Methods: This study obtained 500 lateral radiographic cervical spine x-ray images from standard open-source dataset repositories to develop a classification model using CNNs. All the images contained diagnostic information, including normal cervical radiographic images (n=250) and fracture images of the cervical spine fracture (n=250). The model would classify whether the patient had a cervical spine fracture or not. Seventy percent of the images were training data sets used for model training, and 30% were for testing. Konstanz Information Miner (KNIME)'s graphic user interface-based programming enabled class label annotation, data preprocessing, CNNs model training, and performance evaluation.

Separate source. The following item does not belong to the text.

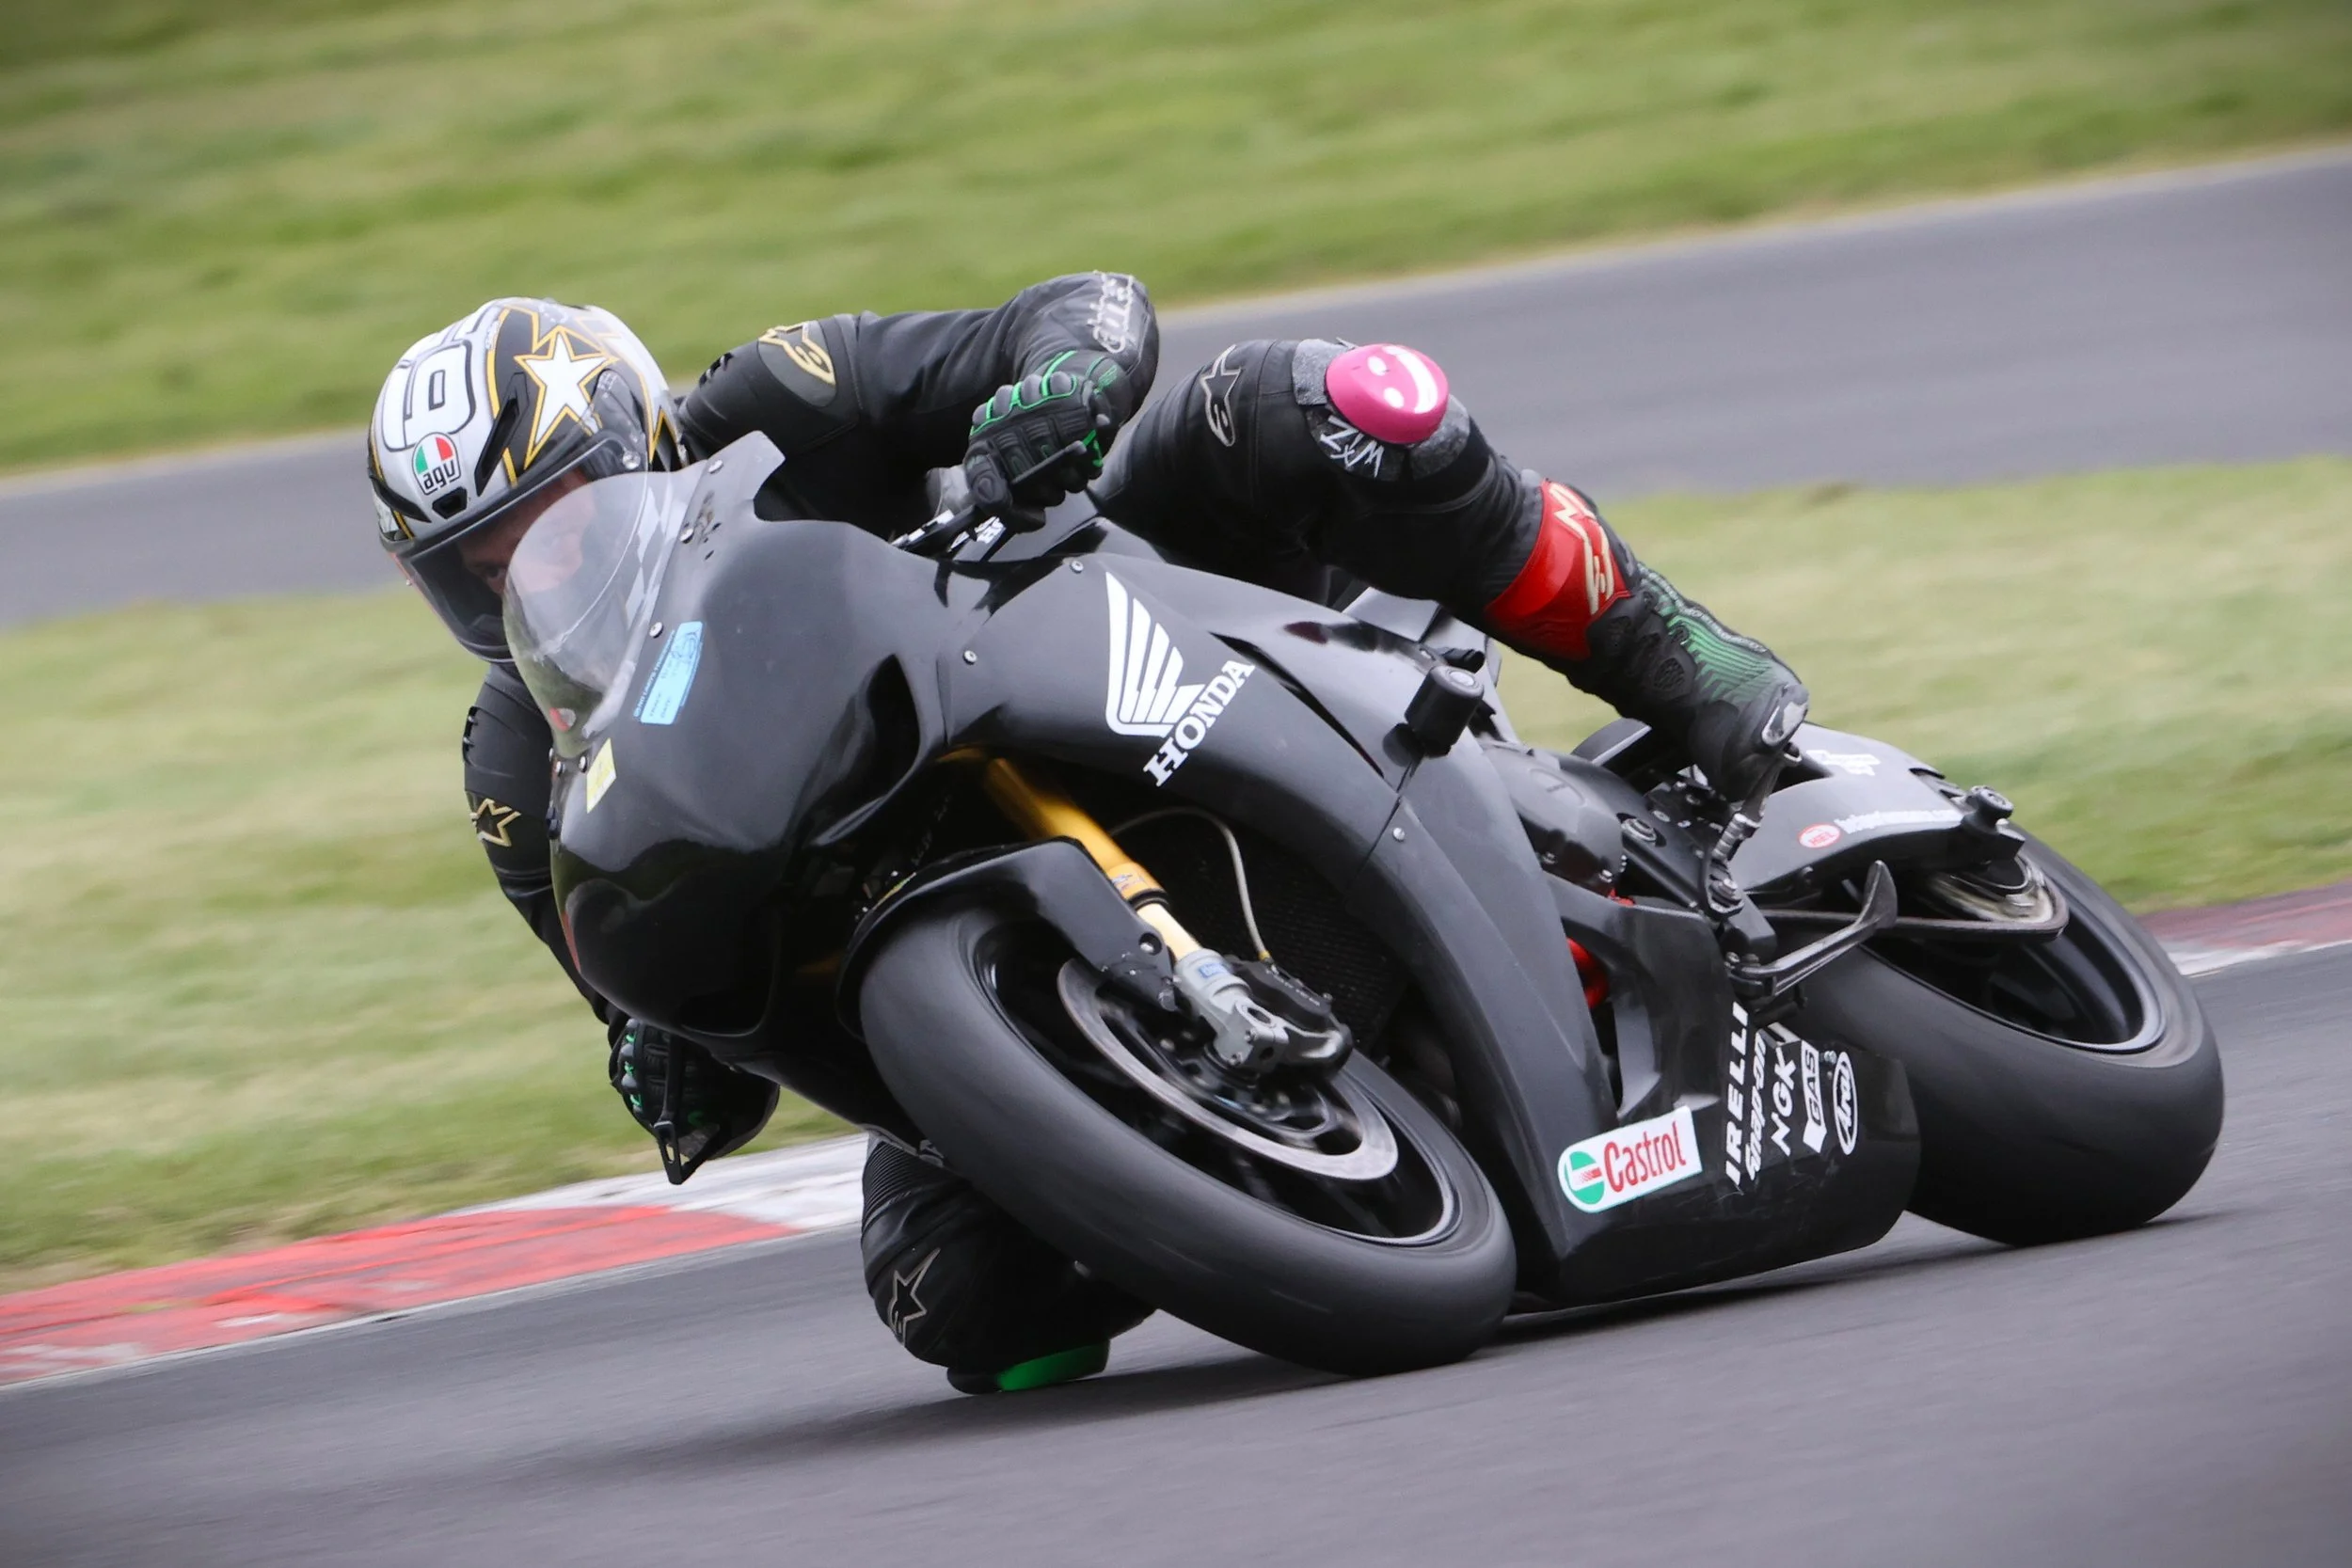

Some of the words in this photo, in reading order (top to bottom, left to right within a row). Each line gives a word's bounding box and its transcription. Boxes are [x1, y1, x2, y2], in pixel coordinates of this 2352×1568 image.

Results: The performance evaluation of a model for detecting cervical spine fractures presents compelling results across various metrics. This model exhibits high sensitivity (recall) values of 0.886 for fractures and 0.957 for normal cases, indicating its proficiency in identifying true positives. Precision values of 0.954 for fractures and 0.893 for normal cases highlight the model's ability to minimize false positives. With specificity values of 0.957 for fractures and 0.886 for normal cases, the model effectively identifies true negatives. The overall accuracy of 92.14% highlights its reliability in correctly classifying cases by the area under the receiver operating characteristic curve.
Conclusion: We successfully used deep learning models for computer-assisted diagnosis of cervical spine fractures from radiographic x-ray images. This approach can assist the radiologist in screening, detecting, and diagnosing cervical spine fractures.